• **EXERCISE AIM**: Repeat every record word for word and omit the images.

── MATERIAL SHOWN

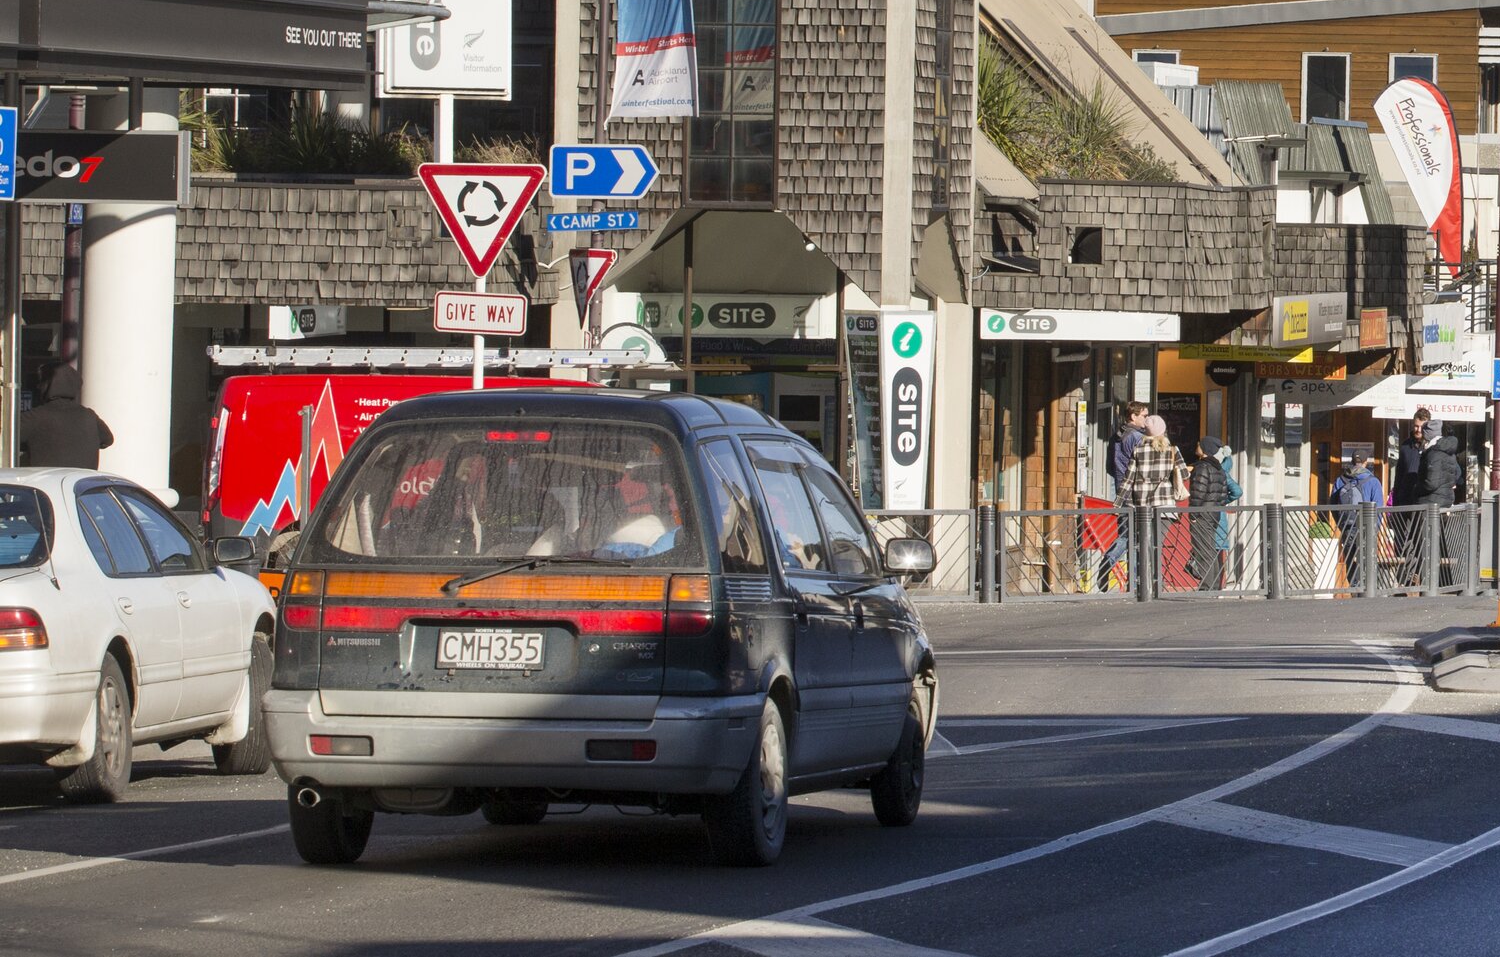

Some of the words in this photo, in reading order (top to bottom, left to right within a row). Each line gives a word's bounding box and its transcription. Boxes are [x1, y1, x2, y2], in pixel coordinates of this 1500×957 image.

[286, 26, 301, 44] SEE
[302, 28, 320, 46] YOU
[321, 29, 337, 47] OUT
[338, 31, 362, 49] THERE
[625, 46, 649, 54] Winter
[658, 38, 677, 48] Starts
[463, 53, 485, 63] Visitor
[463, 64, 502, 73] Information
[650, 66, 688, 77] Auckland
[648, 75, 678, 86] Airport
[1399, 97, 1441, 176] Professionals
[565, 152, 596, 190] P
[561, 214, 601, 229] CAMP
[607, 213, 625, 227] ST
[446, 303, 476, 322] GIVE
[487, 305, 515, 324] WAY
[1301, 378, 1335, 394] apex
[359, 398, 380, 407] Heat
[1416, 403, 1440, 413] REAL
[1441, 404, 1474, 414] ESTATE
[359, 412, 372, 421] Air
[337, 638, 381, 646] MITSUBISHI
[443, 635, 540, 661] CMH355

────

• **WRITTEN RESPONSE**:
Some of the words in this photo, in reading order (top to bottom, left to right within a row). Each line gives a word's bounding box and its transcription. Boxes are [x1, y1, x2, y2], in pixel coordinates of this 1500×957 image.

[286, 26, 301, 44] SEE
[302, 28, 320, 46] YOU
[321, 29, 337, 47] OUT
[338, 31, 362, 49] THERE
[625, 46, 649, 54] Winter
[658, 38, 677, 48] Starts
[463, 53, 485, 63] Visitor
[463, 64, 502, 73] Information
[650, 66, 688, 77] Auckland
[648, 75, 678, 86] Airport
[1399, 97, 1441, 176] Professionals
[565, 152, 596, 190] P
[561, 214, 601, 229] CAMP
[607, 213, 625, 227] ST
[446, 303, 476, 322] GIVE
[487, 305, 515, 324] WAY
[1301, 378, 1335, 394] apex
[359, 398, 380, 407] Heat
[1416, 403, 1440, 413] REAL
[1441, 404, 1474, 414] ESTATE
[359, 412, 372, 421] Air
[337, 638, 381, 646] MITSUBISHI
[443, 635, 540, 661] CMH355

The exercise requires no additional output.